One of the reasons that climate change is such a critical issue is the sheer number of people whose lives it affects. This is particularly the case in India — a rapidly developing economic and political power that is predicted to overtake China as the world’s most populous country.
This claim is based on projections rooted in UN data from 2022 that estimates India’s population, which is already more than 1.4 billion people, will pass China’s this year. This presents challenges and opportunities for India, but none more so than in terms of global warming.
Last Friday, Indian Prime Minister Narendra Modi told a World Bank meeting that there needed to be a “mass movement” against climate change, one that moved the conversation from “discussion tables to dinner tables” and encouraged citizens to take daily, simple actions to support the environment.
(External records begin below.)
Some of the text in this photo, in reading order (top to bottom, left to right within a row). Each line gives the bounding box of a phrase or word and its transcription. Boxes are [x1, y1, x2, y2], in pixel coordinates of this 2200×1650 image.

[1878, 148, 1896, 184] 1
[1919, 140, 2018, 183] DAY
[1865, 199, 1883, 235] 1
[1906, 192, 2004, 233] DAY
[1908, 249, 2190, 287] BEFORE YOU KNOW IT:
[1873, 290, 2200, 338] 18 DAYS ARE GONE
This call is a timely one given that India faces several of the serious challenges presented by rising temperatures and extreme weather.
The India Meteorological Department says that February was the country’s warmest in the past 122 years, with average maximum temperatures recorded at 1.73°C above normal. The agency also issued a warning about heatwaves from March to May in many regions of central and north-west India.
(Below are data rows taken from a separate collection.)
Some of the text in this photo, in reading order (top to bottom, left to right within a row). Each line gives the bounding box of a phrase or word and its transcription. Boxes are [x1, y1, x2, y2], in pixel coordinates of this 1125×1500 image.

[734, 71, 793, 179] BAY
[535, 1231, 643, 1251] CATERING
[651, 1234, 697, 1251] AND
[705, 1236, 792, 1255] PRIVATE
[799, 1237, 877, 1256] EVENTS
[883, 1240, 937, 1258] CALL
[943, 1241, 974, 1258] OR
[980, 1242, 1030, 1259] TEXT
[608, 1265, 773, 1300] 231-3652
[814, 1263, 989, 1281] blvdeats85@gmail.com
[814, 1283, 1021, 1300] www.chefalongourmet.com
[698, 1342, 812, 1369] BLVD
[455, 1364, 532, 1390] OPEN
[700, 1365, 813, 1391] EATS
This extreme heat casts a shadow over Indian agriculture, an important part of the country’s economy. A lack of winter rain has driven up temperatures in some parts of India's northern states where wheat is mostly grown, triggering threats of a severe heatwave that could lead to crop damage.
Scorching summer temperatures last year also strained the country’s electricity grid, leading to power cuts caused by a rise in the need for air conditioning and the increased demand for power as the economy opened up after the Covid-19 pandemic.
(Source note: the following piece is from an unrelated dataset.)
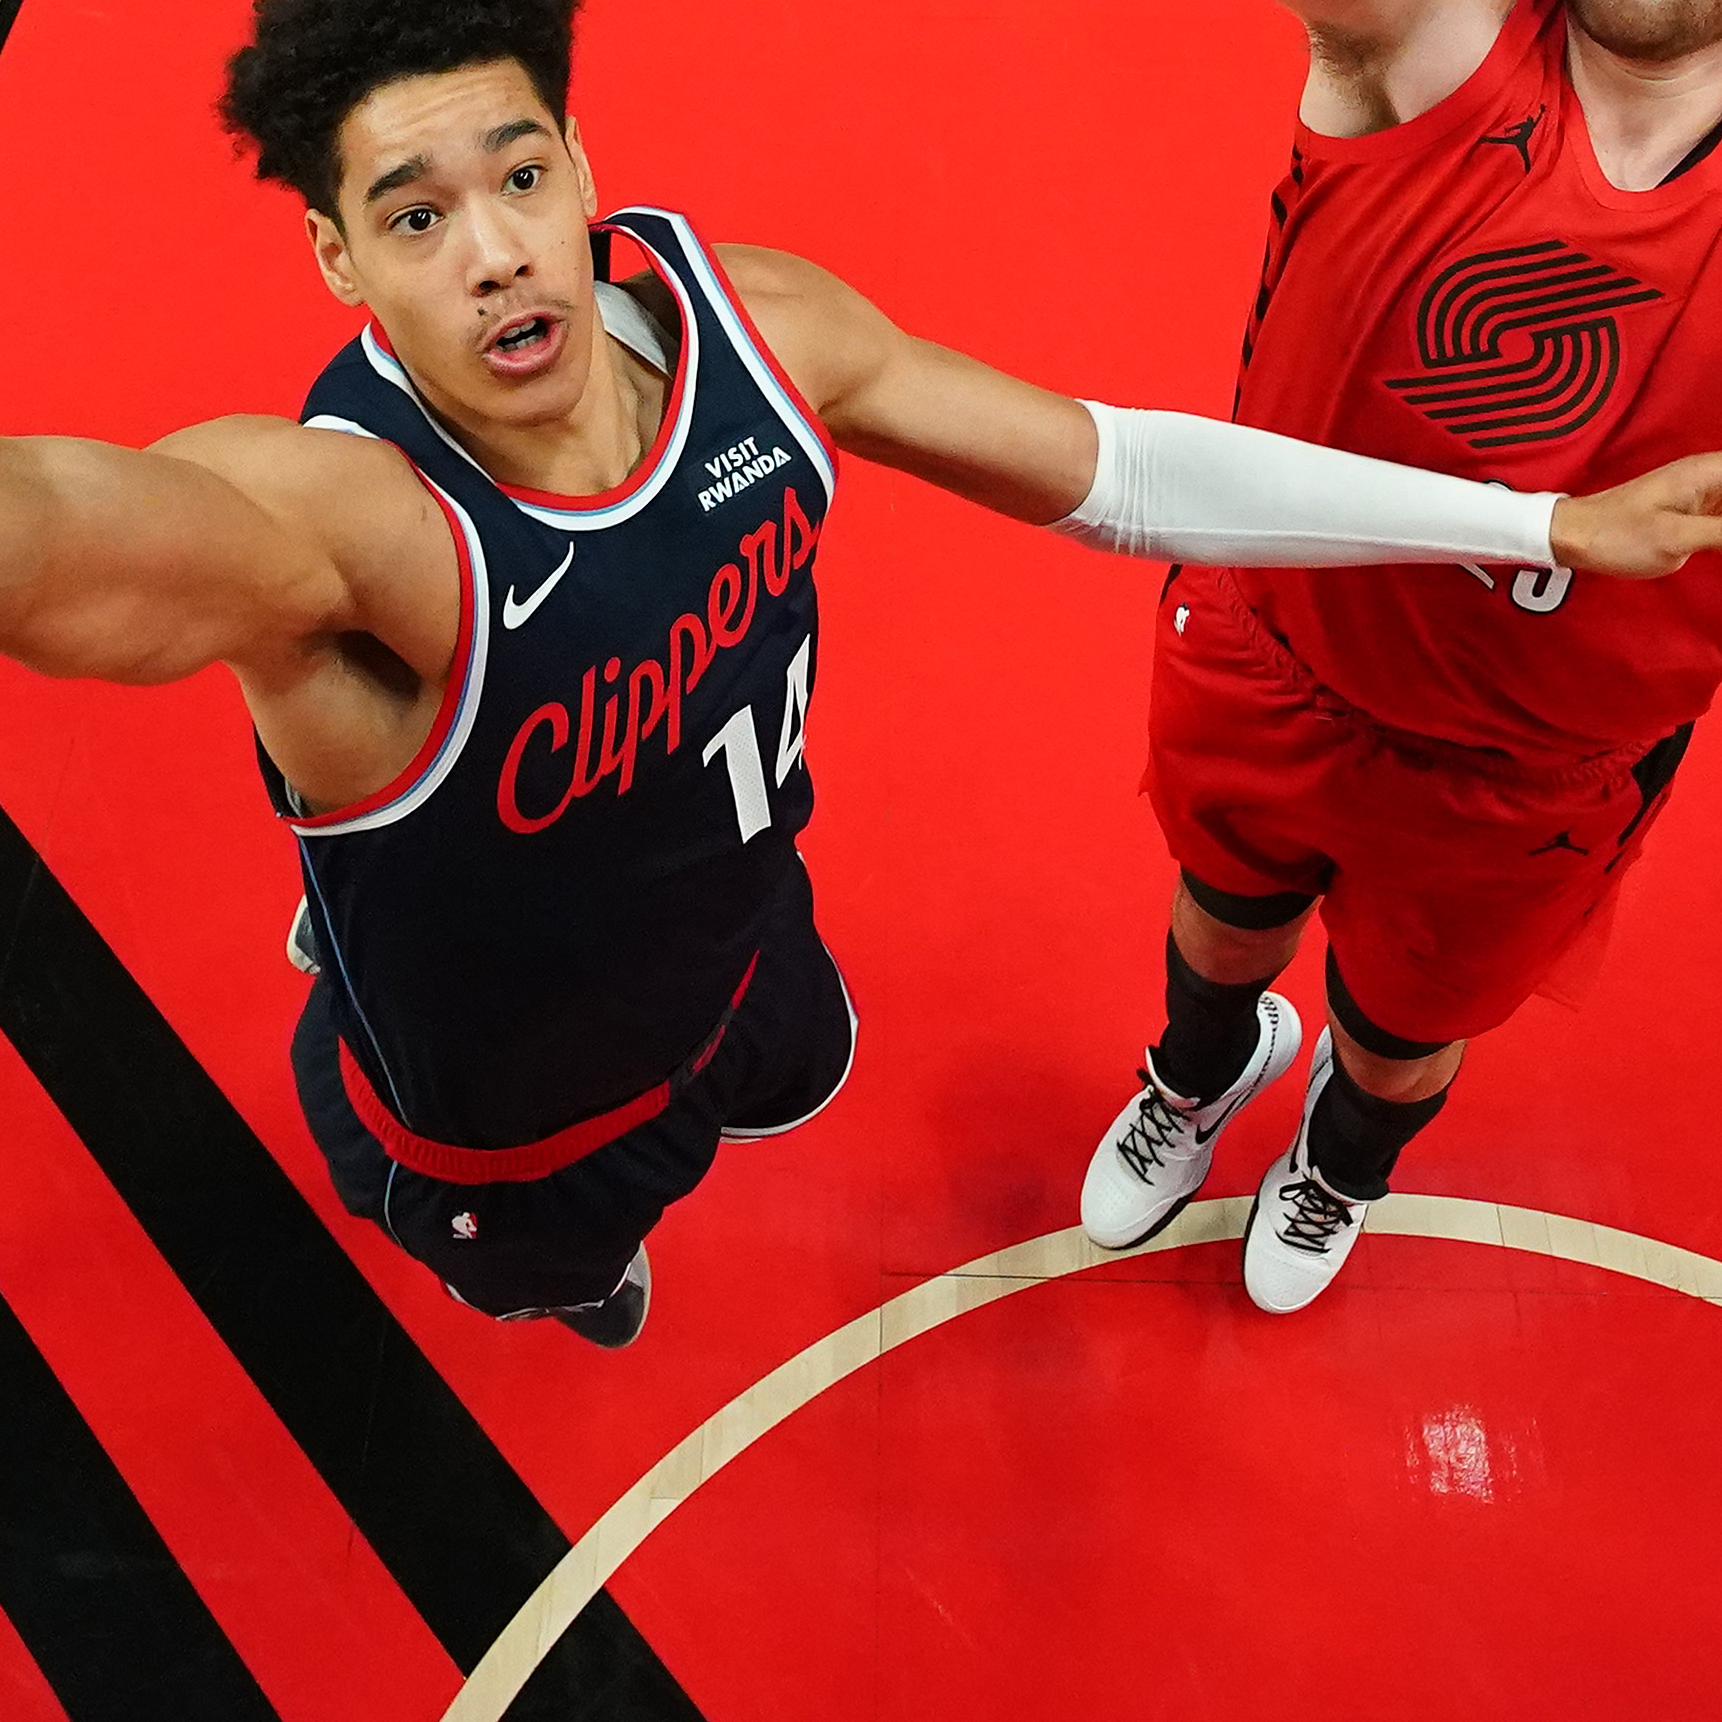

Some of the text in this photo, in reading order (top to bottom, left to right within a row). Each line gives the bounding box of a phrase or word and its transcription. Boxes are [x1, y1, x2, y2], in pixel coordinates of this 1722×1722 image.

[697, 446, 792, 512] RWANDA
[704, 436, 759, 479] VISIT
[496, 485, 821, 834] Clippers
[701, 633, 810, 845] 14
Climate change poses serious risks to India’s people. A study published in The Lancet medical journal last October said the country had experienced a 55 per cent rise in deaths linked to extreme heat. The research also claimed that in 2021, the loss of labour due to rising temperatures cost the country the equivalent of 5.4 per cent of GDP in lost incomes.
These issues are compounded by India’s rapid urbanisation, as more and more people move to the country’s cities to earn a living and increase the demand for energy. The UN estimates that by 2030, more than 400 million people will live in cities across the nation. Cities occupy just three per cent of India’s land but account for 60 per cent of India’s GDP.
Given its size and importance, the country is an important one to watch. Although it is witnessing some of the worst effects of climate change it is also developing policies and strategies to mitigate it. A World Economic Forum report in January noted that India was using “indigenous technology” to optimise resources and promote green energy. It also welcomed India’s co-founding with France of the International Solar Alliance that was “leading the global movement towards solar power, with a focus on promoting energy access and transition”.
India currently holds the presidency of the G20, giving it a major global platform to contribute to the climate change debate. Today it is hosting its 100th G20 meeting — that of senior international agricultural scientists — and climate issues are playing a prominent role. As an economic and political power, India has much to contribute. Its battle to contain the worst effects of climate change could also prove instructive to the rest of the world.